As most of us already know, all lead-based paints were permanently banned by the US Product Safety Commission in 1977. Pay a visit to Zota Pro For a better understanding of these lead paint laws, as they were put into effect and modified over a course of multiple years. Technically, this should mean that houses built and painted after the law was passed in the late 70s, should not have any lead paint on them. However, are you willing to take a chance and move into a house that was built in between 1978 – 1980, without a lead paint inspection first?

Dates Might be Misleading

In real life, things often do not pan out exactly by the book and once a law is passed, it usually takes some time for it to be understood and applied in its entirety, across the entire nation.

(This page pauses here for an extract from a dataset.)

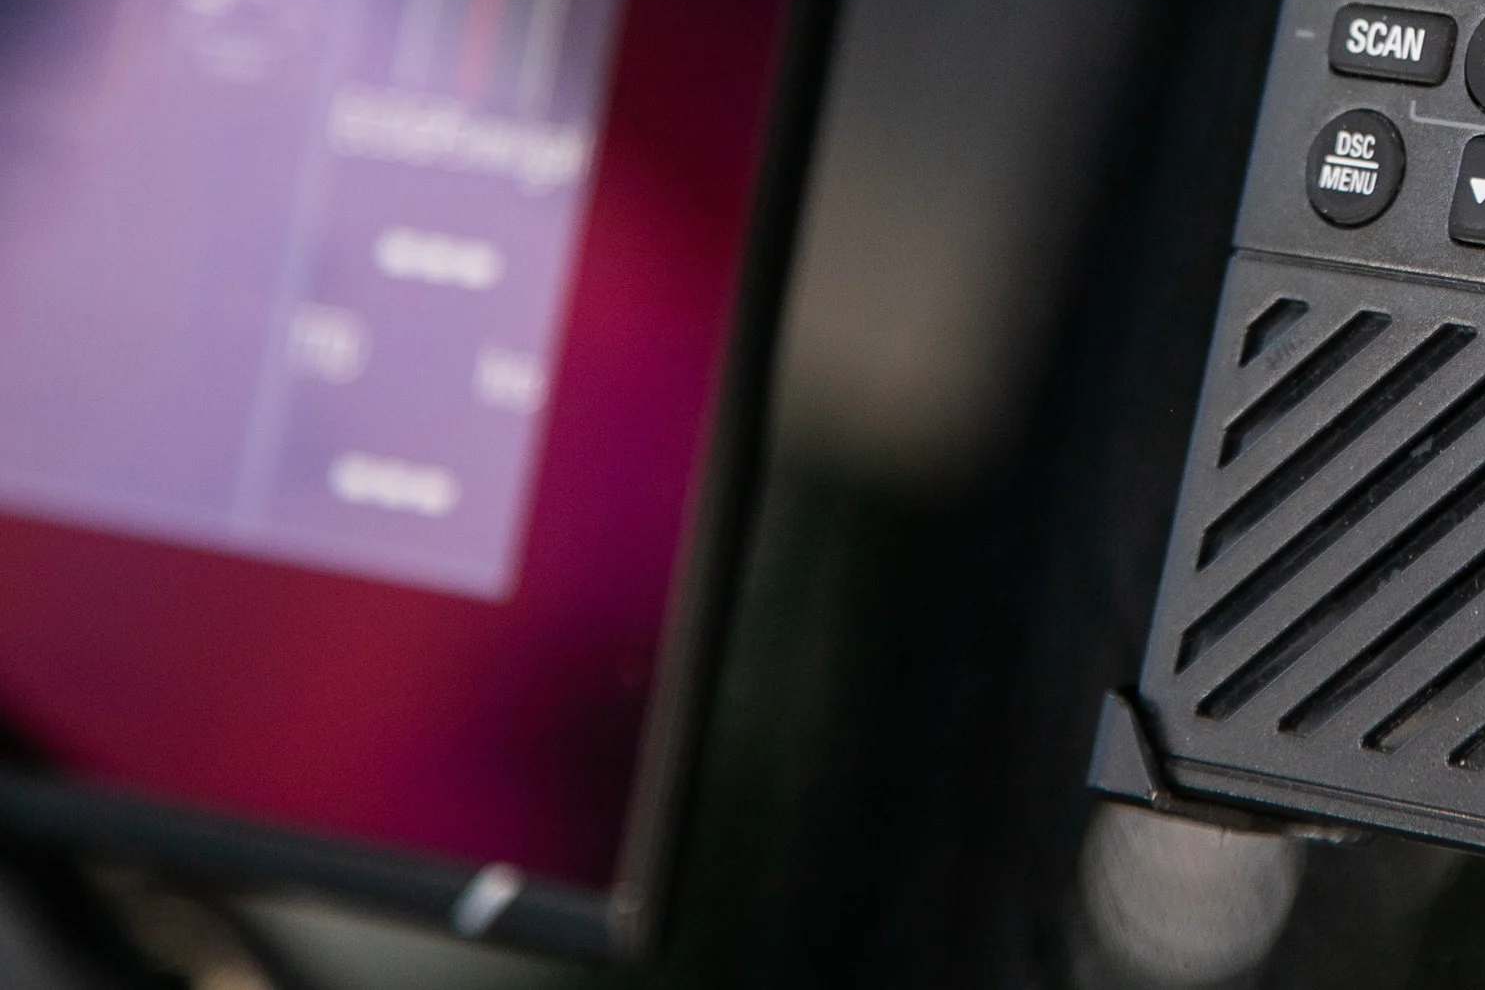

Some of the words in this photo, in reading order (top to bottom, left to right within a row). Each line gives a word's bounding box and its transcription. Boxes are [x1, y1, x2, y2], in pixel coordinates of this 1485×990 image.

[1346, 18, 1426, 62] SCAN
[1335, 130, 1376, 160] DSC
[1318, 164, 1378, 196] MENU

As we are talking about a 40+ year old time period before the digital age even started, it would be unwise to believe that every contractor, homeowner and house painter simultaneously became aware and confident about the dangers of lead paint, the very moment it was banned officially.

Some of the lead paint which was already there for sale by the gallons might still have been used in some parts of the country under the radar, to minimize losses incurred by lead-paint manufacturers and painting contractors. It is not outside the realms of possibility that even some properties built after 1978 could have been painted with the toxic metal-based shades. To sum it up, if your home was built anywhere near that 1977 – 78 timeline, get it inspected for lead toxicity before moving in, or starting a renovation project of any kind.

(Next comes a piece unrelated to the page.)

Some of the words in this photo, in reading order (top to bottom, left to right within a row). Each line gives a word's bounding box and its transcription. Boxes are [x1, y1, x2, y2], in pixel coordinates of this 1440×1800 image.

What If You Have Already Lived in an Old house for a While Now?

In case you are living in a house which could potentially have lead on its walls, it does not automatically mean you, or any member of your family is already suffering from lead poisoning. In order for lead particles (and even asbestos) to become a health hazard, it must be in a state of unrest. What it means is that if you have not yet tried to repaint the house or have cracked open a wall for remodeling, the chances of lead poisoning are quite low.

On the other hand, if the paint has been disturbed already while you and your family was in the house, get your home checked for lead particles immediately. If lead is found, seek medical aid to get everyone tested for heavy metal toxicity, as soon as possible.